Many claim that we are currently living in the age of the Second Cold War, that we are possibly experiencing a Third World War. Others suggest that we have already started experiencing the very intensified international wave of deglobalization. Looking through the lens of politics and rational decision-making won’t answer the question of which of the above is true. In a decade when much has already started coming under scrutiny, when political developments occur at an unyielding pace and when economies have become the weapons of choice, we have to rethink what conflict means for us and how the game will unfold in the times to come – welcome cyberconflict.

Now more than ever, we stumble across references to artificial intelligence, big data and quantitative tools which interpret rapid political developments. Not so long ago, decoding leaders’ political decisions or organizations’ pivots in the global arena could simply be put down to ideological preferences or misalignment of interests. Now, however, it all comes down to the dynamics of recent means of technology which are here to change the nature of conflict. The classic image of armies disembarking planes and entering warzones is one that has been branded in our minds, yet the face of warfare may now turn more subtle and far more lethal.

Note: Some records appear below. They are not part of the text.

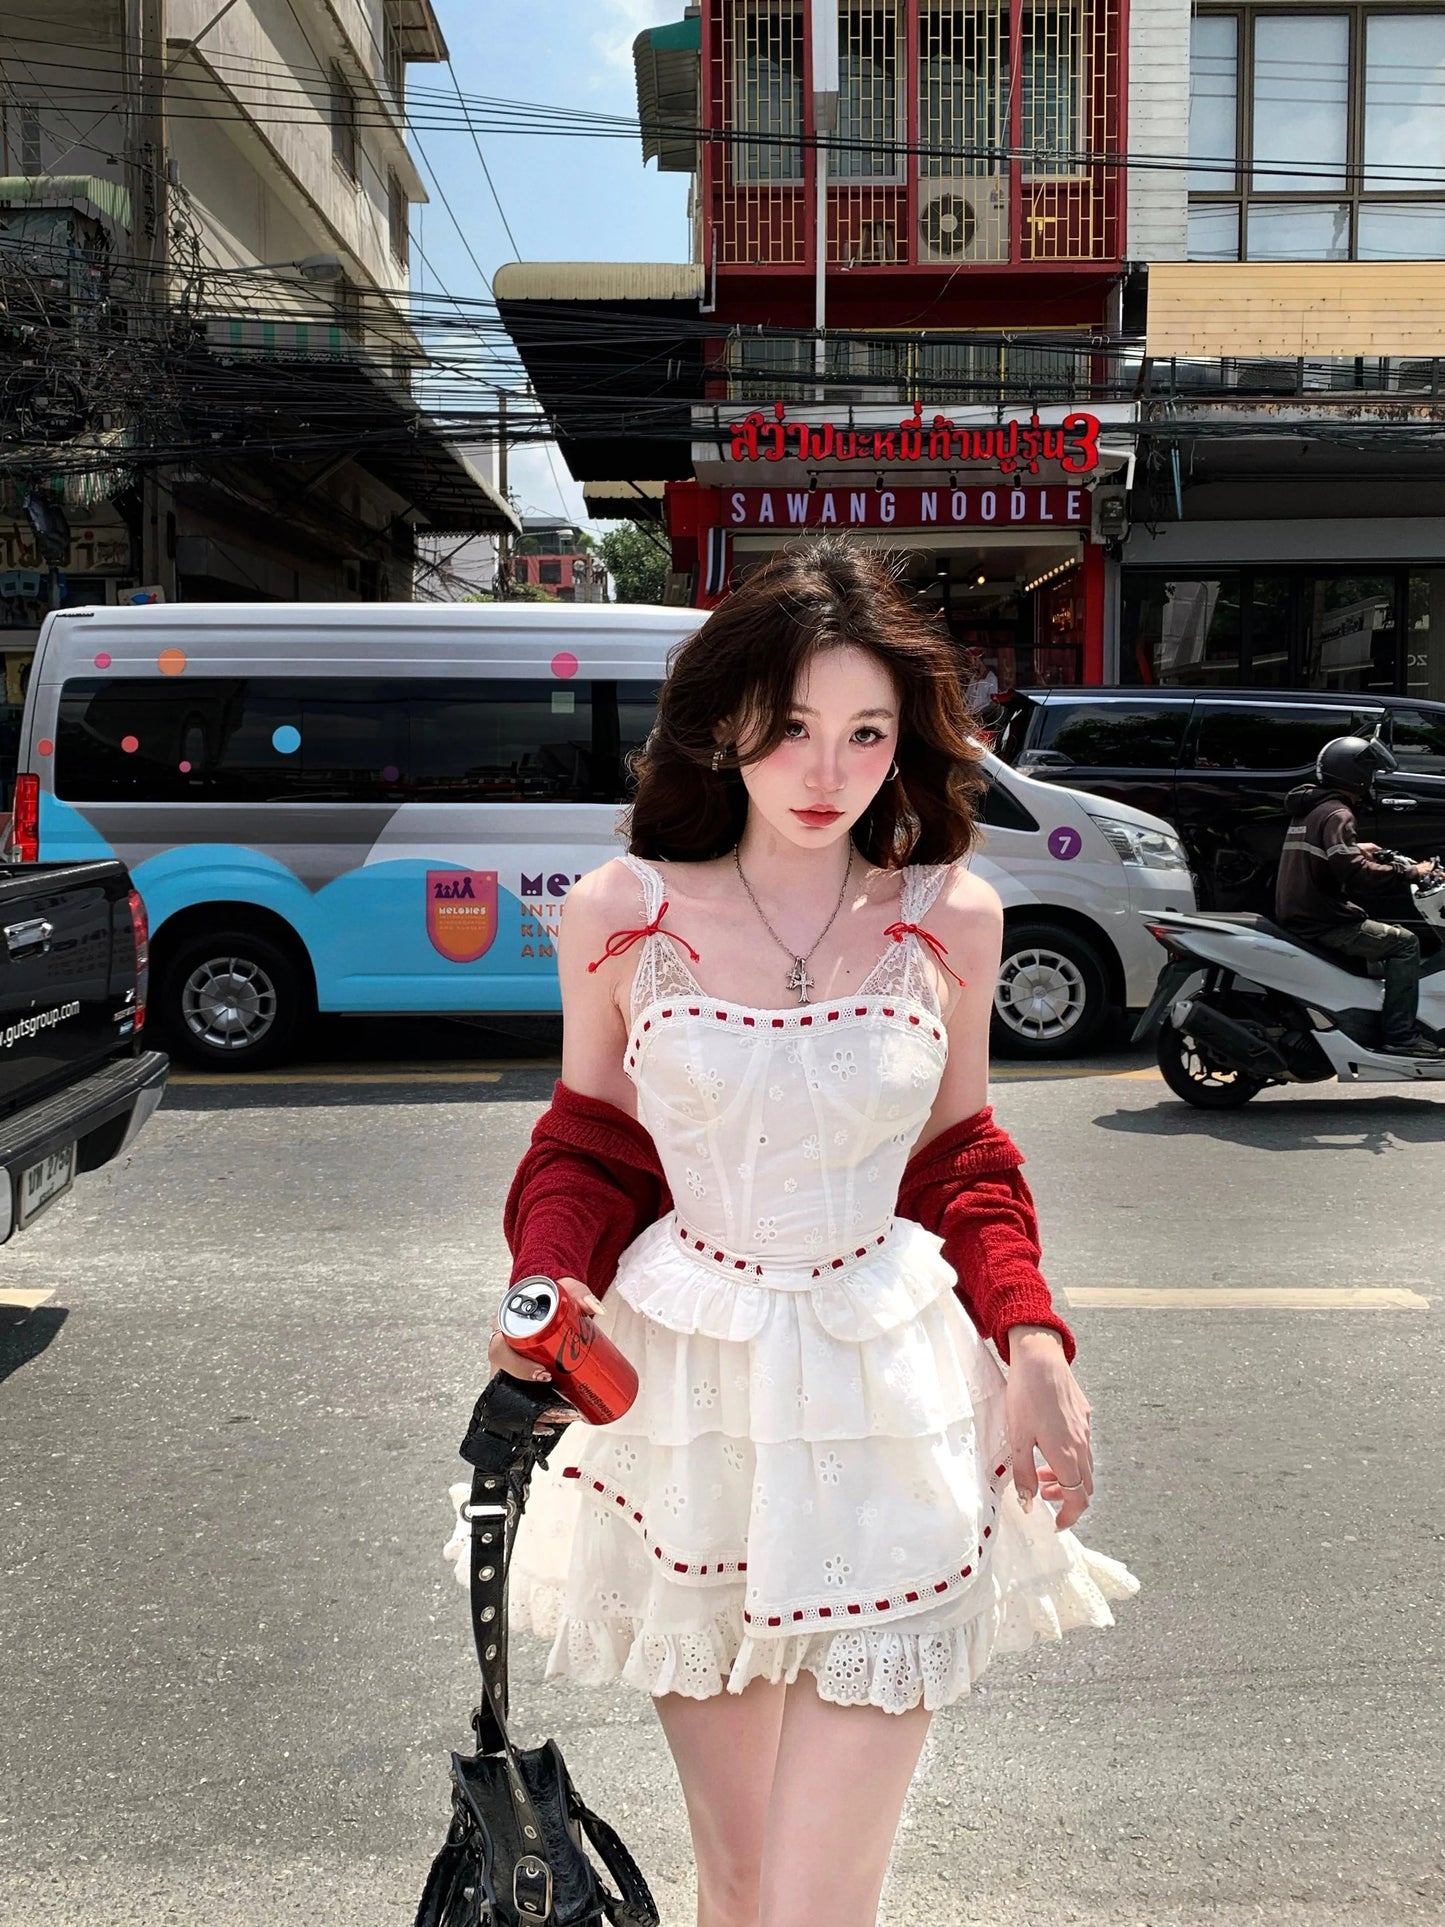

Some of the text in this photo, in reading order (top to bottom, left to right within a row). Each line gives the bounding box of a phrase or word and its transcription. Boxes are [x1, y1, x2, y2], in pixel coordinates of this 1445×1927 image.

[731, 490, 1081, 523] SAWANG NOODLE
[1058, 836, 1072, 854] 7
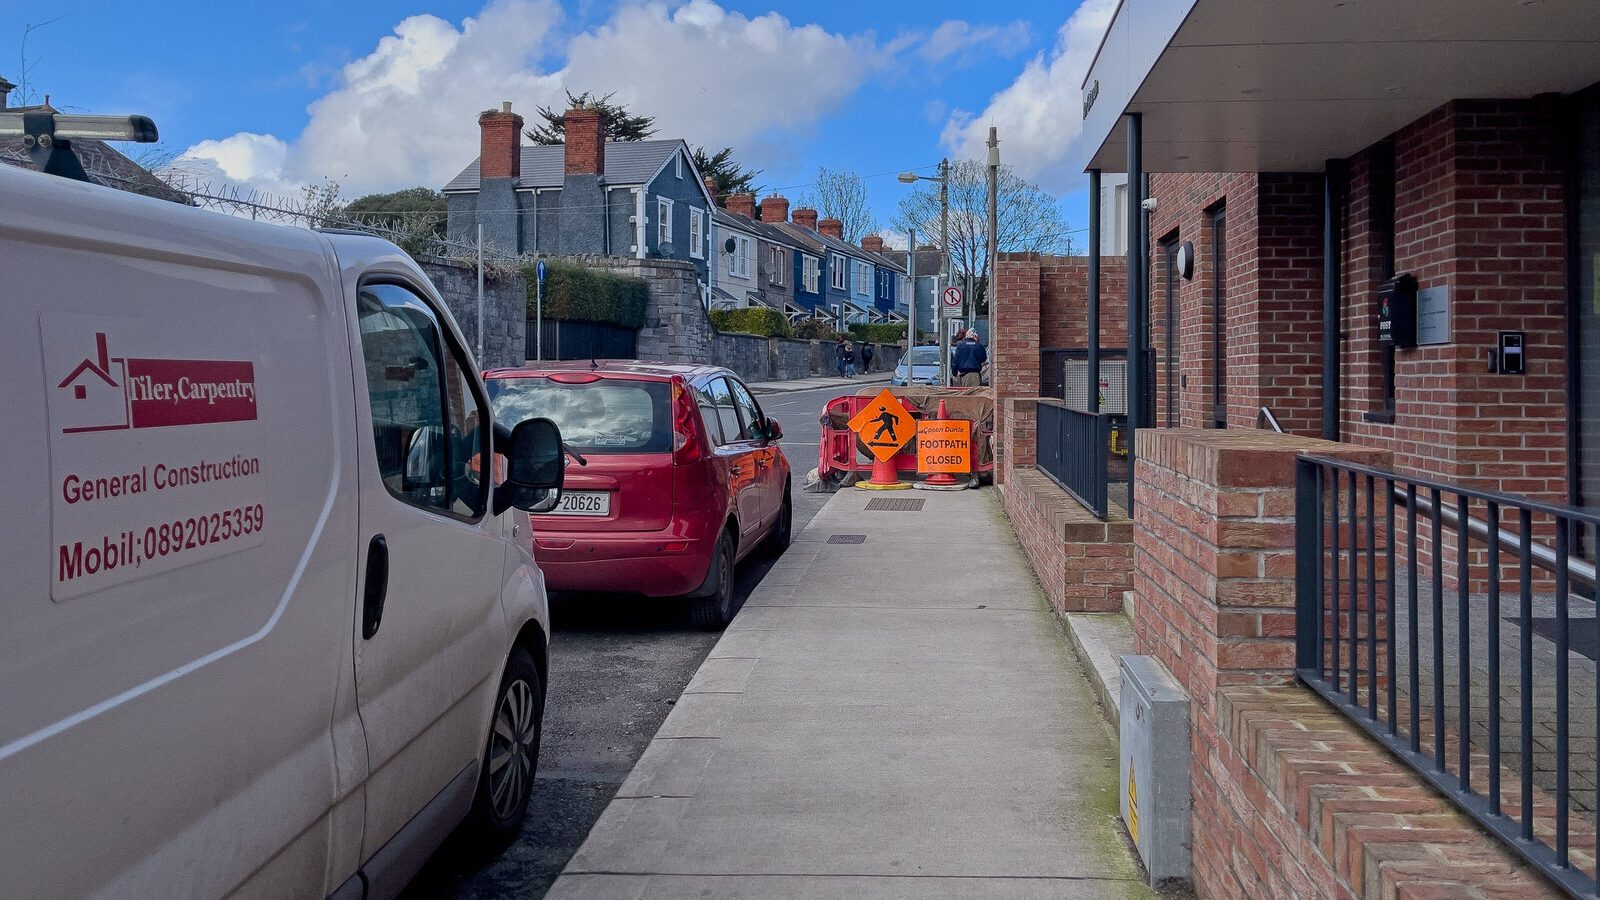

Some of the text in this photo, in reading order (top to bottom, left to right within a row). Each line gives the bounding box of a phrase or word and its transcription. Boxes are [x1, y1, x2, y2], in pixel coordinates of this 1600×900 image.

[1380, 321, 1392, 330] POST
[129, 375, 255, 404] Tiler,Carpentry
[920, 440, 968, 449] FOOTPATH
[925, 455, 963, 465] CLOSED
[63, 454, 260, 504] General Construction
[59, 503, 264, 582] Mobil;0892025359
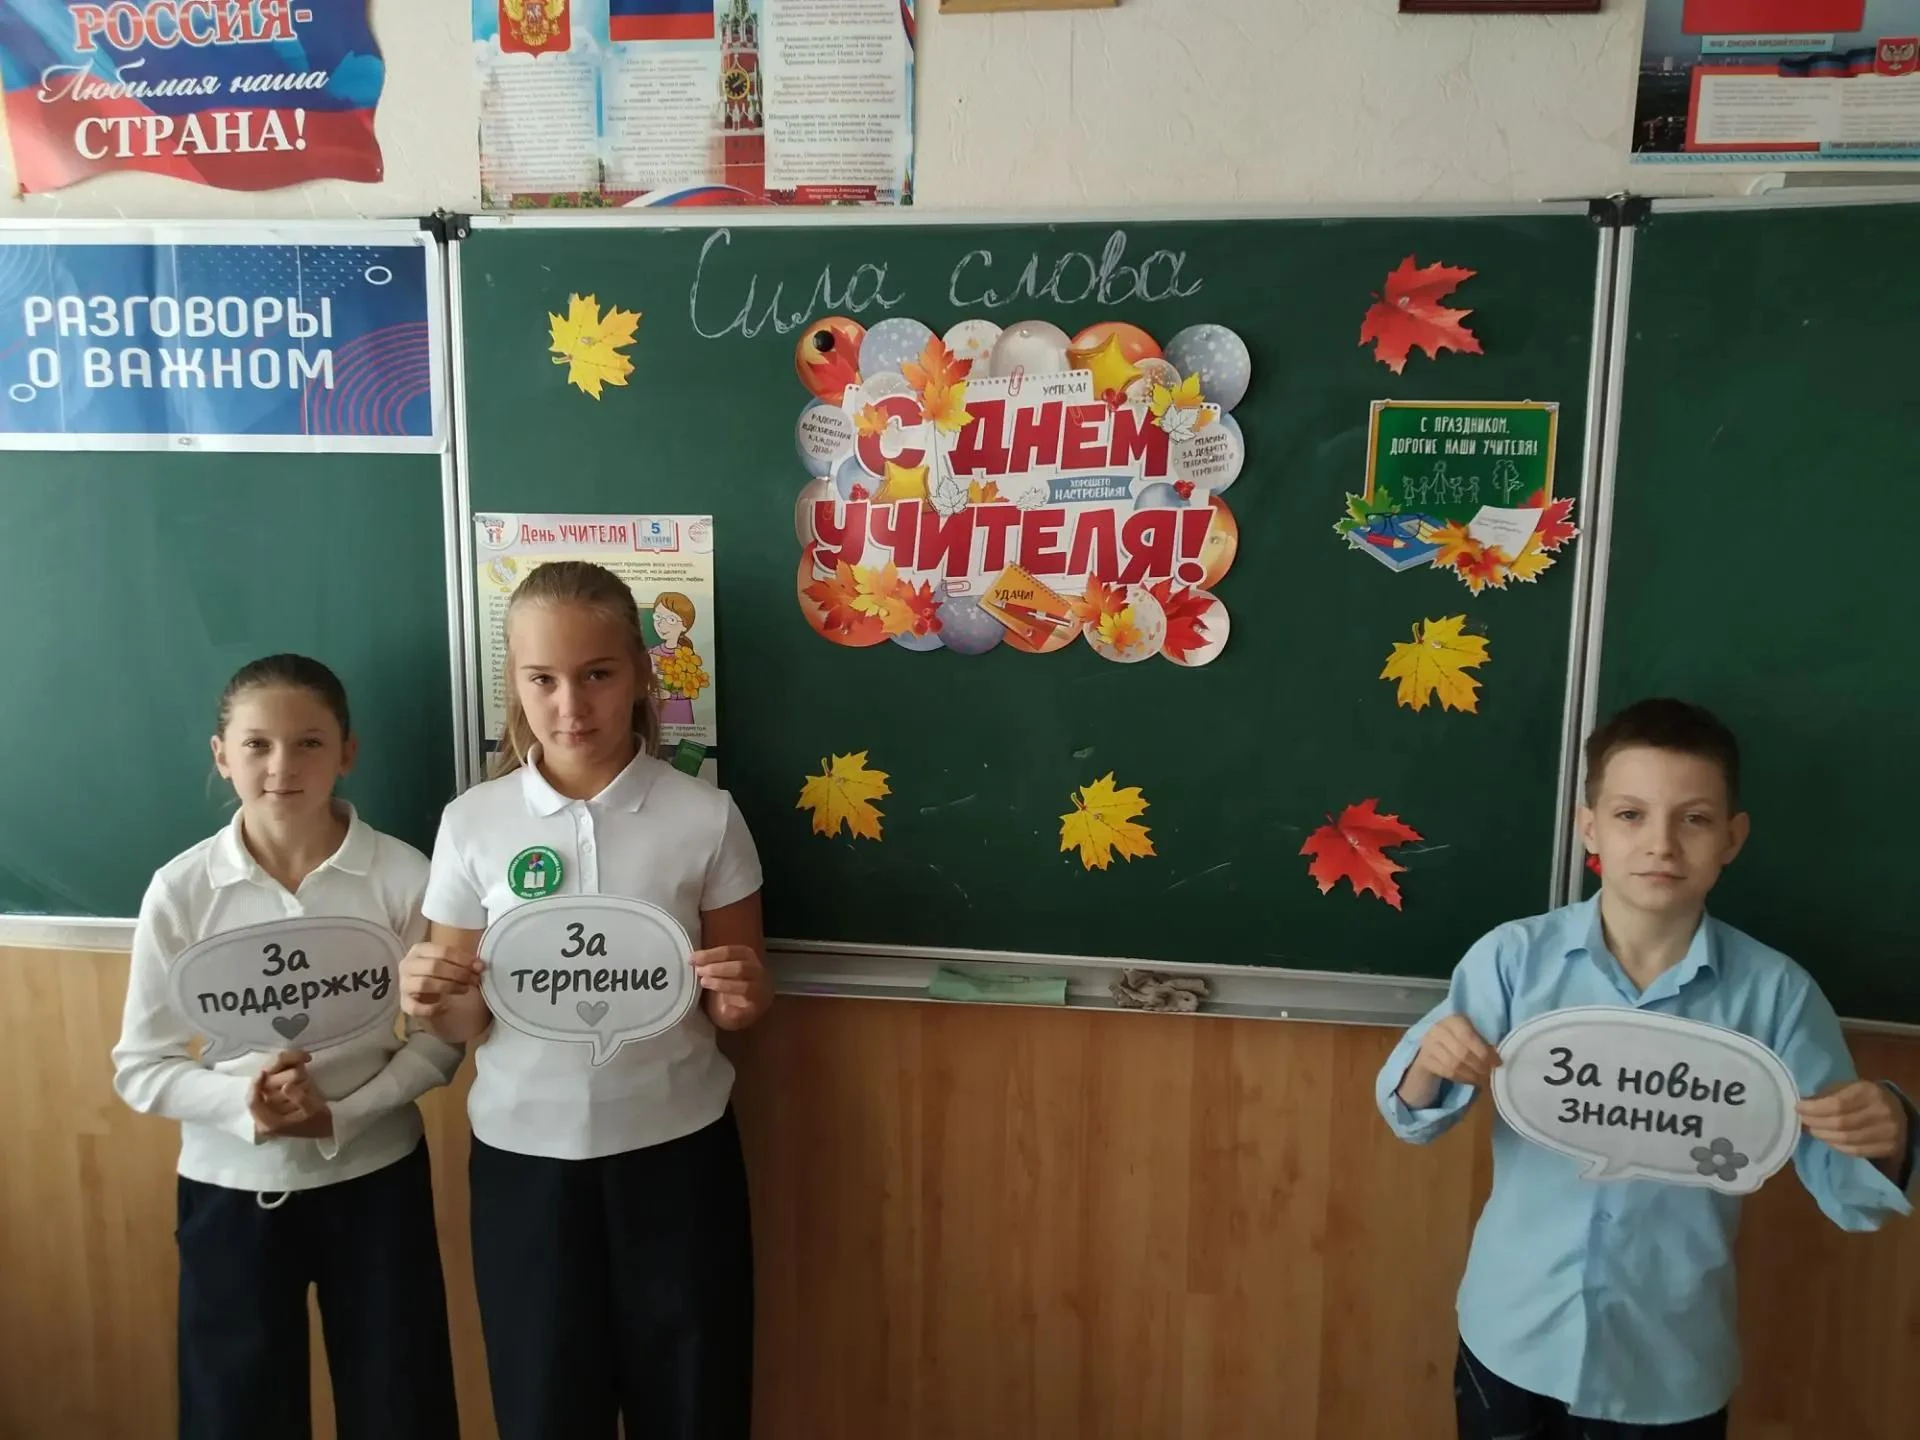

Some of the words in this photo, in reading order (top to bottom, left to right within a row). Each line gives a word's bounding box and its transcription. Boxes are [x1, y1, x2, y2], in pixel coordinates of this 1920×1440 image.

Cyberwarfare is a topic that resembles some faraway reality, and even that cannot have concrete implications on human development. This is partly because no media attention has been placed on an issue that is increasingly permeating across sectors of political, social and economic development. In the sphere of cyberwarfare, cyber-attacks seem to have become the norm; they are considered natural, necessary and normal. Reports of hacks, espionage, leaks and attacks perpetrated through cyberspace may not be flamboyantly mentioned in the news, but if you look close enough, you will always see references in major stories. Internationally, many actors, most notably Iran, have openly declared their interest in the future emphasis that will be placed on these newly introduced means of effective warfare.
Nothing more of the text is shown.